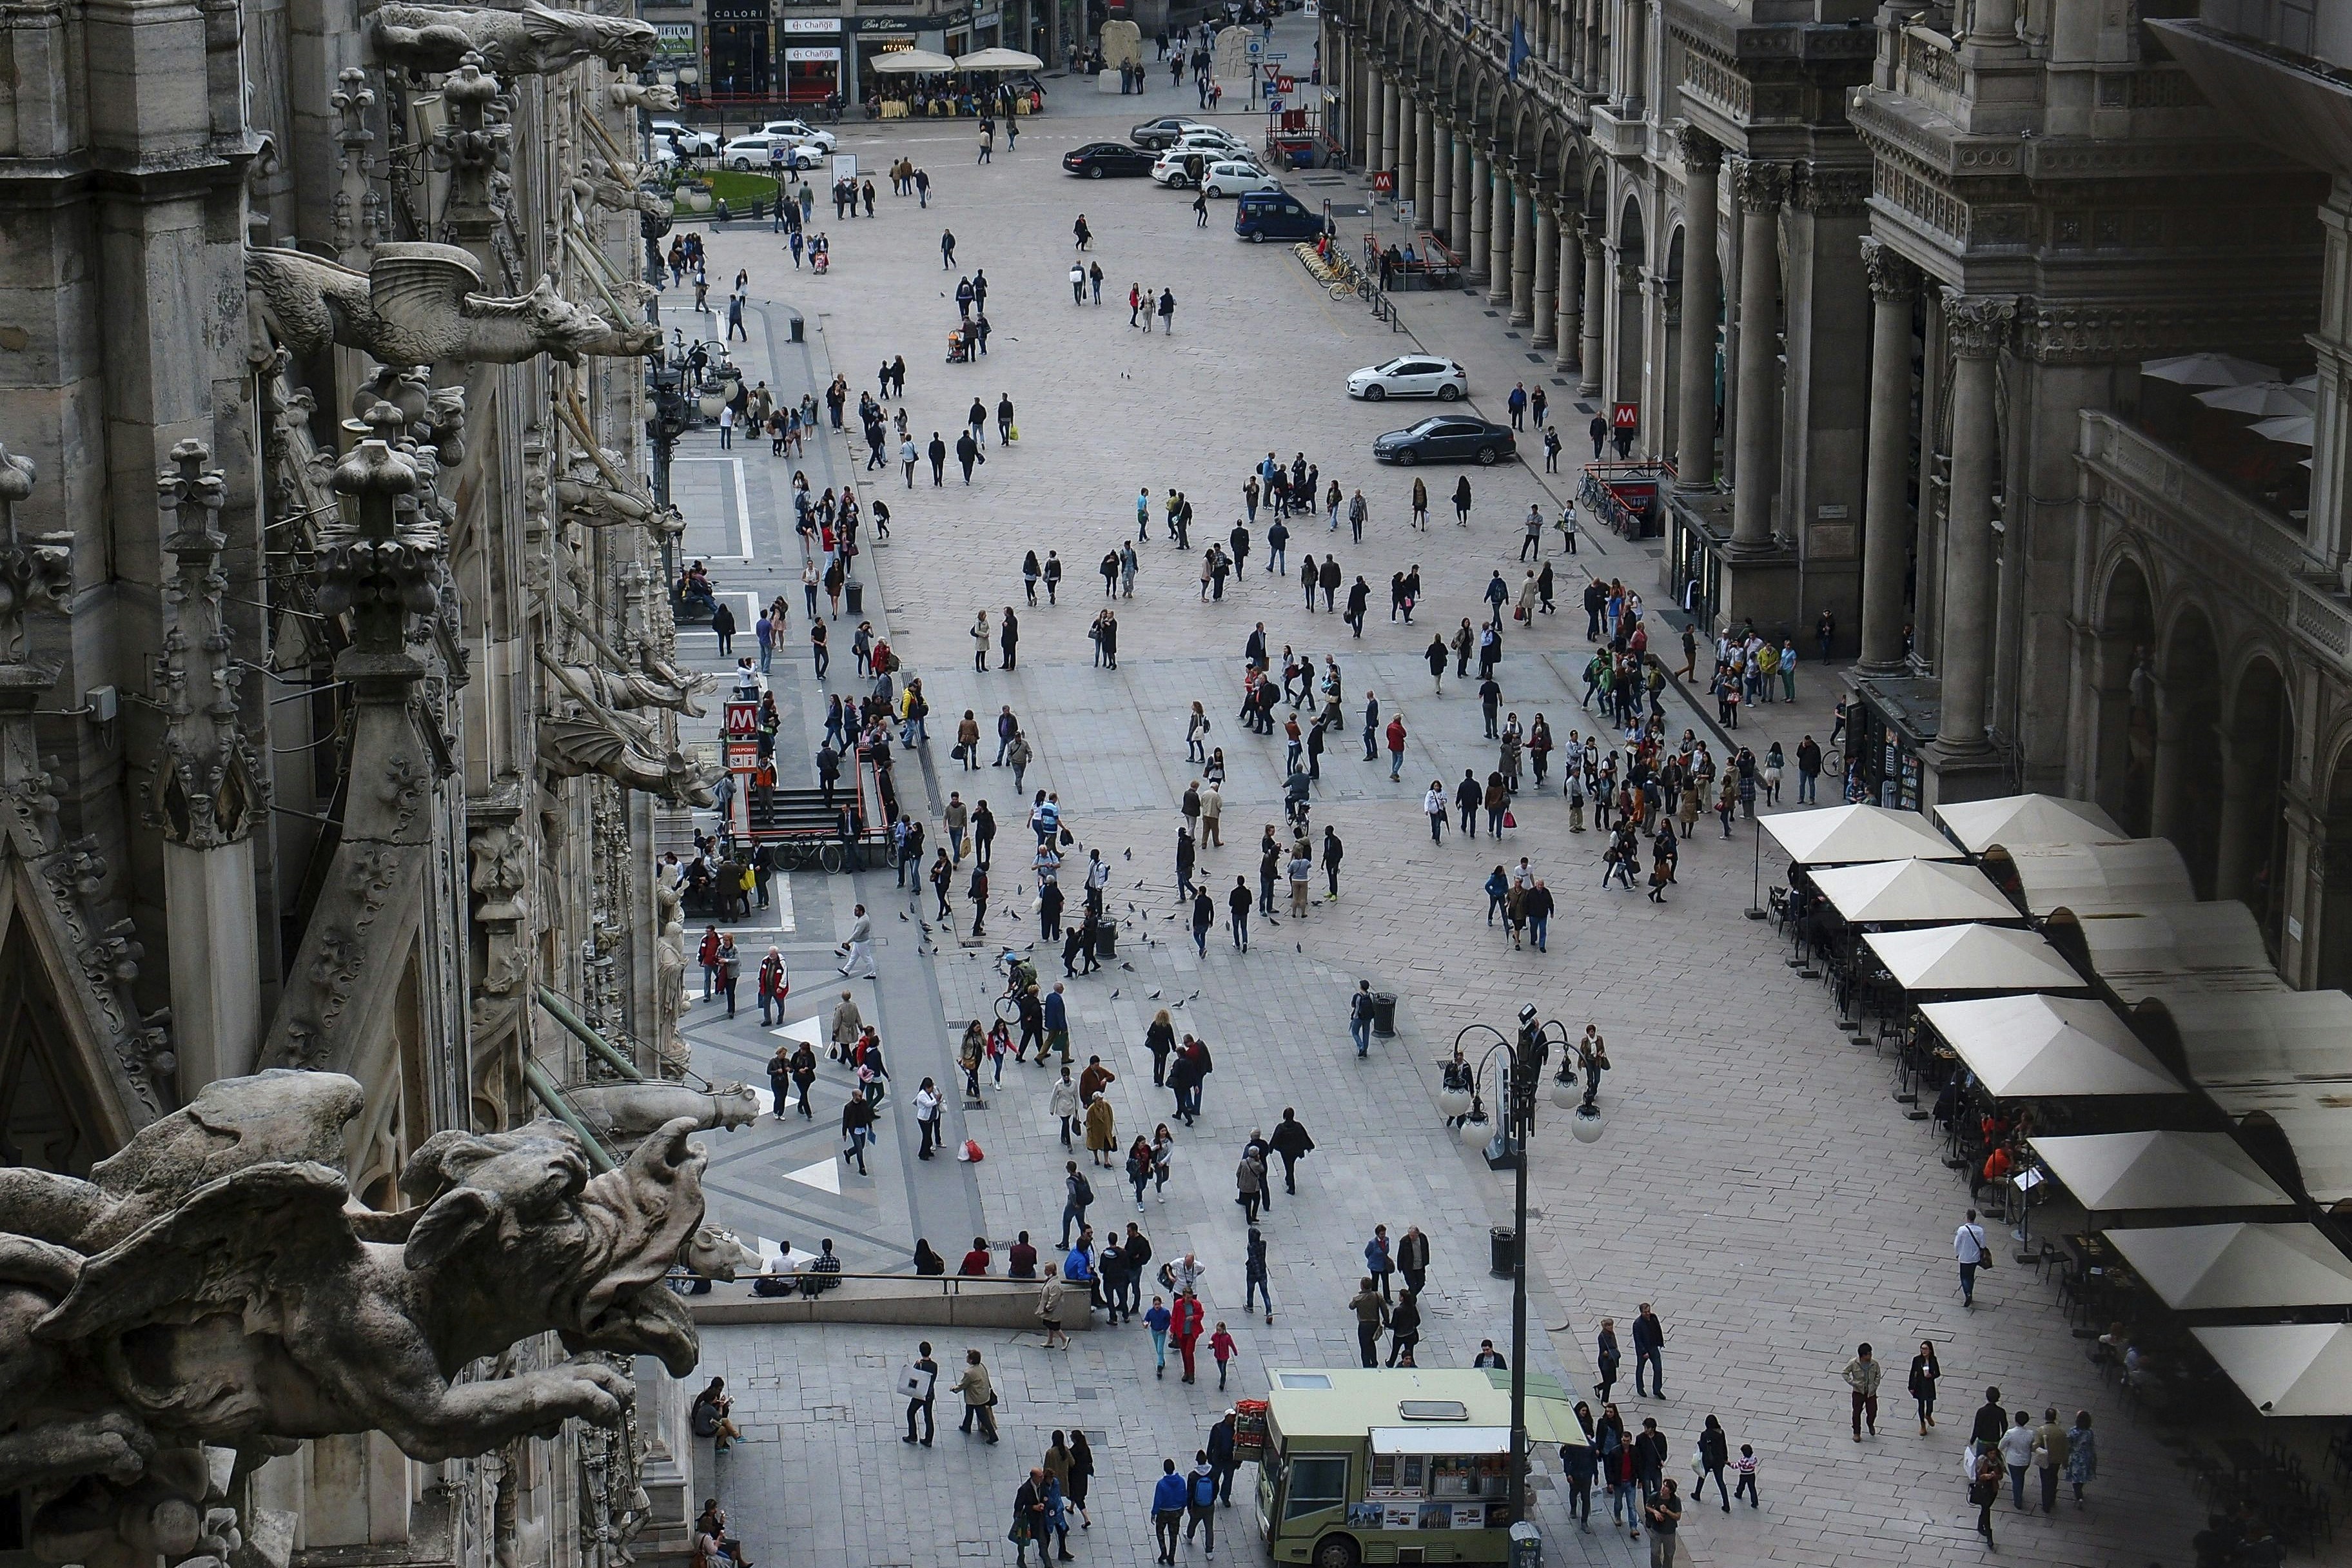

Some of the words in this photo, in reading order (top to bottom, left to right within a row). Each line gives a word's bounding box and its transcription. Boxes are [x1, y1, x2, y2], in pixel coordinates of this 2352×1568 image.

[804, 21, 833, 30] Change
[805, 50, 834, 59] Change
[1279, 79, 1292, 89] M
[1375, 175, 1390, 187] M
[1616, 408, 1635, 422] M
[730, 709, 755, 728] M
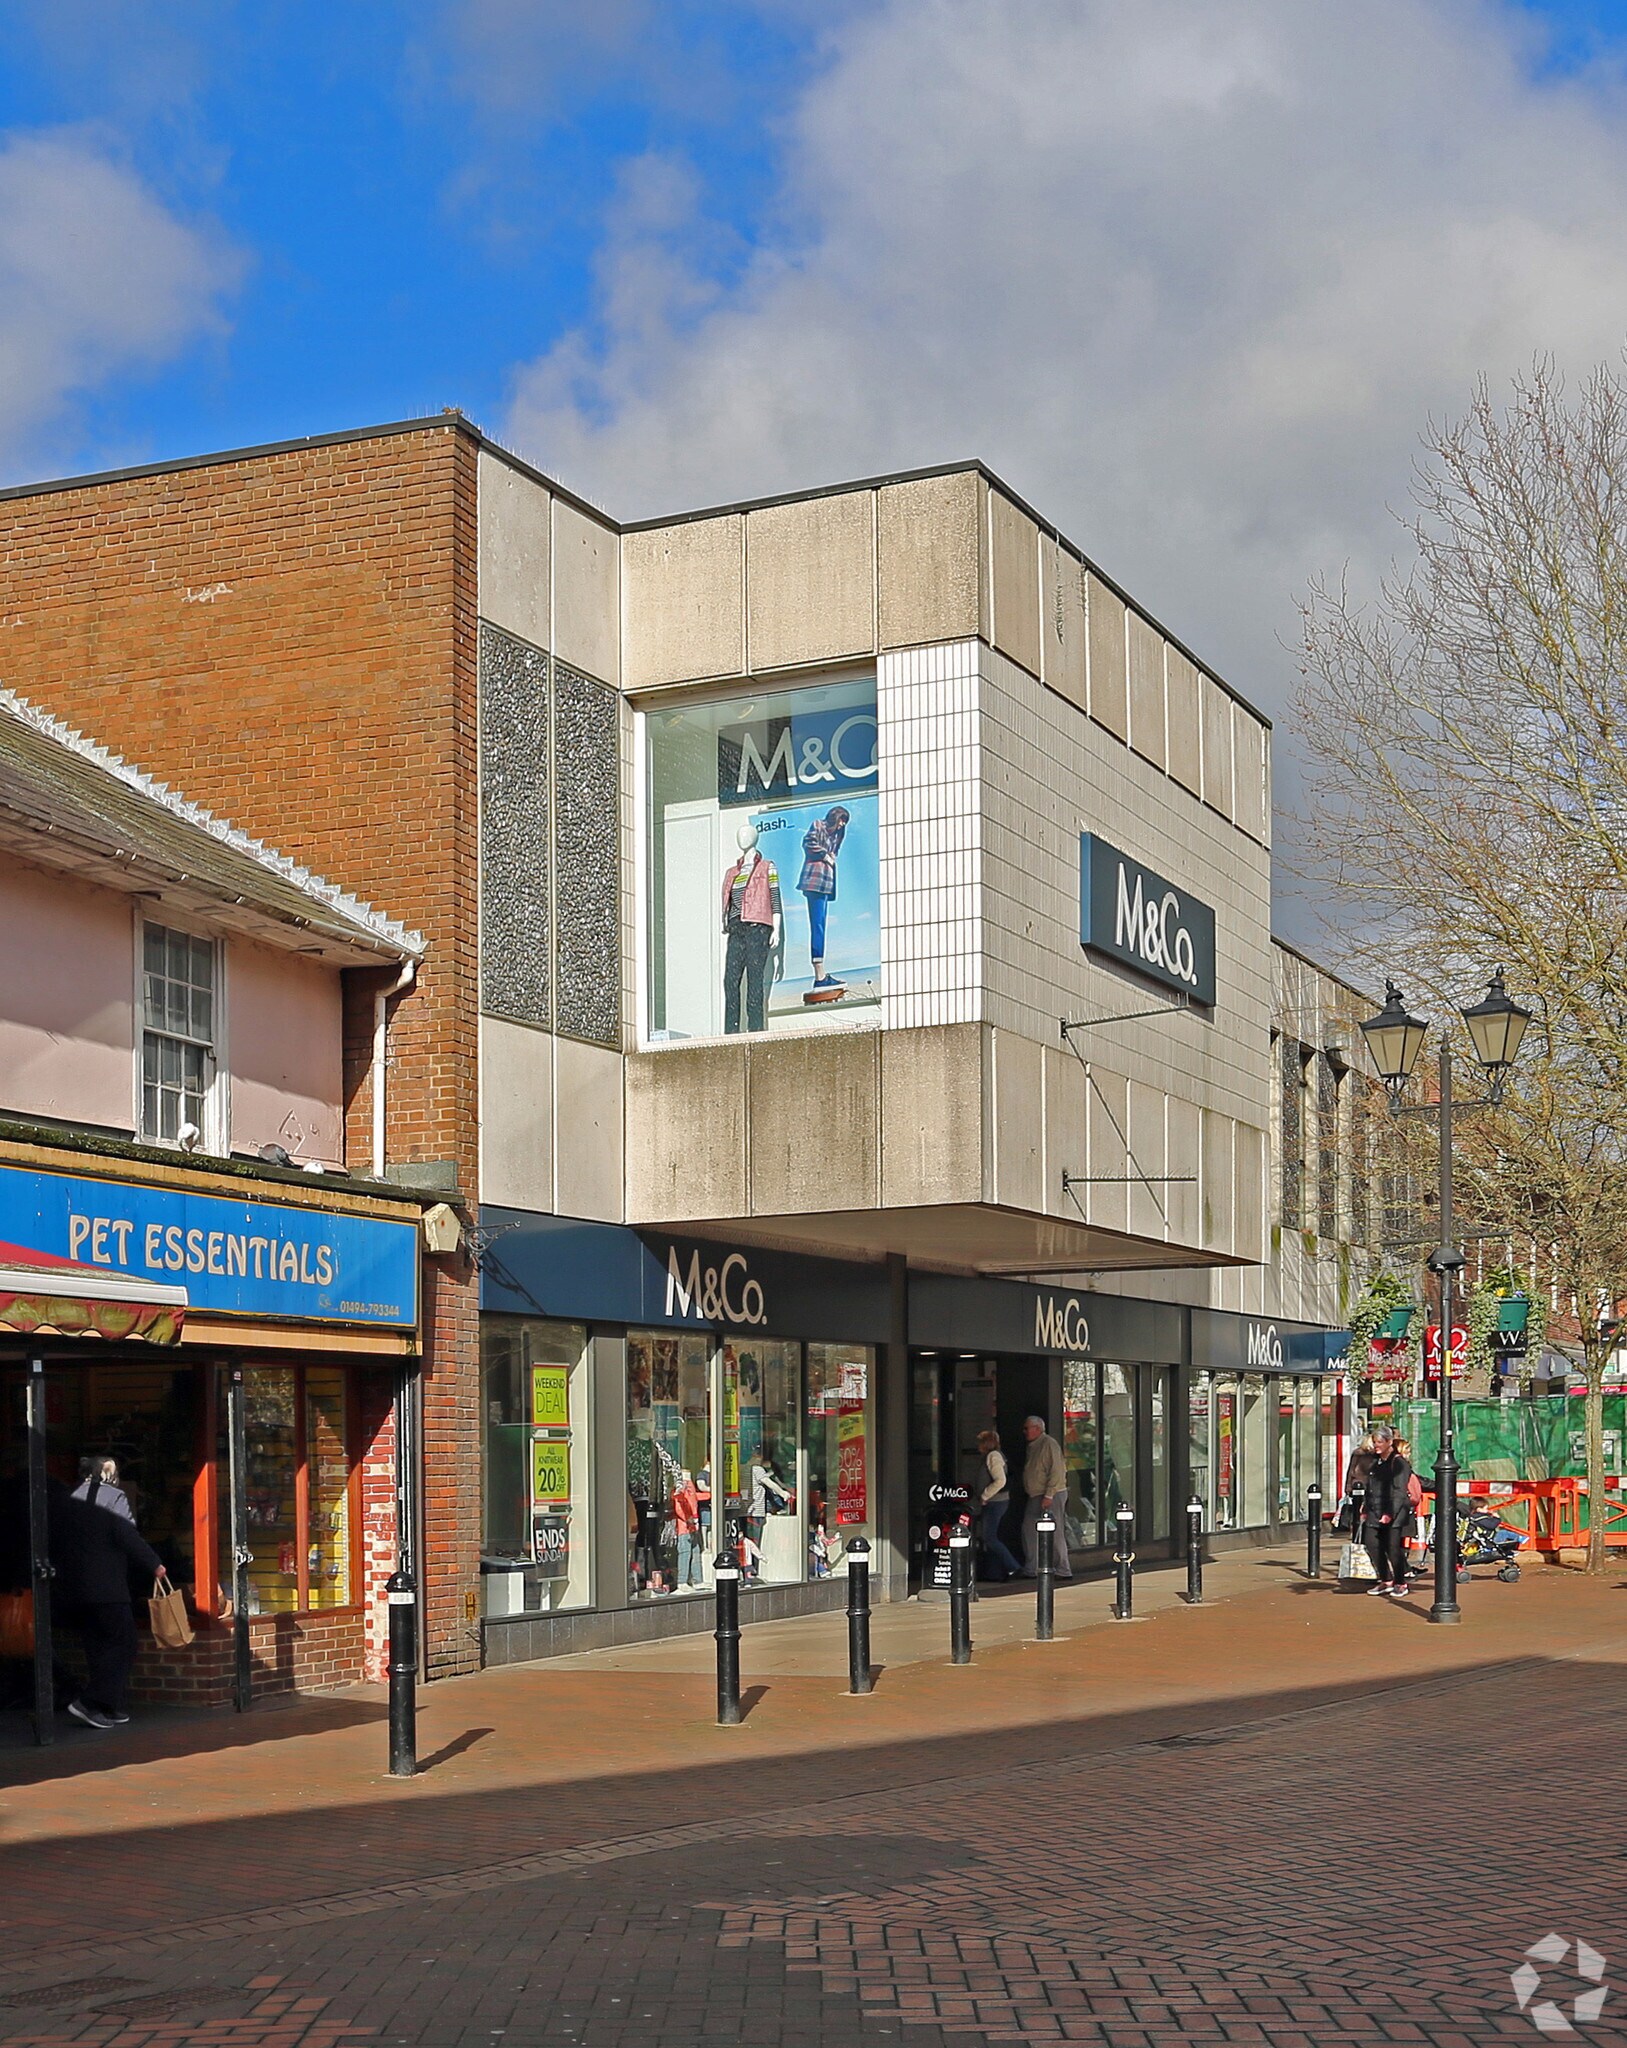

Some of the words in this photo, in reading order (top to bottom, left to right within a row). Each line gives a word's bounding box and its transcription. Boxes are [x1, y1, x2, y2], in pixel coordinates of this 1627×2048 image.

[1115, 861, 1198, 986] M&Co.
[69, 1214, 133, 1266] PET
[145, 1223, 334, 1286] ESSENTIALS
[665, 1245, 768, 1326] M&Co.
[340, 1300, 400, 1317] 01494-793344
[1035, 1295, 1090, 1352] M&Co.
[1247, 1322, 1283, 1367] M&Co.
[535, 1377, 566, 1389] WEEKEND
[536, 1391, 565, 1413] DEAL
[538, 1456, 564, 1465] KNITWEAR
[547, 1447, 556, 1455] ALL
[838, 1468, 862, 1492] OFF
[837, 1498, 864, 1510] SELECTED
[536, 1527, 566, 1550] ENDS
[536, 1548, 566, 1564] SUNDAY

Task objective:
Leaving the pictures out, output each line of the listing exactly.

Task result:
Some of the words in this photo, in reading order (top to bottom, left to right within a row). Each line gives a word's bounding box and its transcription. Boxes are [x1, y1, x2, y2], in pixel coordinates of this 2352×1568 image.

[804, 21, 833, 30] Change
[805, 50, 834, 59] Change
[1279, 79, 1292, 89] M
[1375, 175, 1390, 187] M
[1616, 408, 1635, 422] M
[730, 709, 755, 728] M

Some of the words in this photo, in reading order (top to bottom, left to right within a row). Each line gives a word's bounding box and its transcription. Boxes are [x1, y1, x2, y2], in pixel coordinates of this 1627×2048 image.

[1115, 861, 1198, 986] M&Co.
[69, 1214, 133, 1266] PET
[145, 1223, 334, 1286] ESSENTIALS
[665, 1245, 768, 1326] M&Co.
[340, 1300, 400, 1317] 01494-793344
[1035, 1295, 1090, 1352] M&Co.
[1247, 1322, 1283, 1367] M&Co.
[535, 1377, 566, 1389] WEEKEND
[536, 1391, 565, 1413] DEAL
[538, 1456, 564, 1465] KNITWEAR
[547, 1447, 556, 1455] ALL
[838, 1468, 862, 1492] OFF
[837, 1498, 864, 1510] SELECTED
[536, 1527, 566, 1550] ENDS
[536, 1548, 566, 1564] SUNDAY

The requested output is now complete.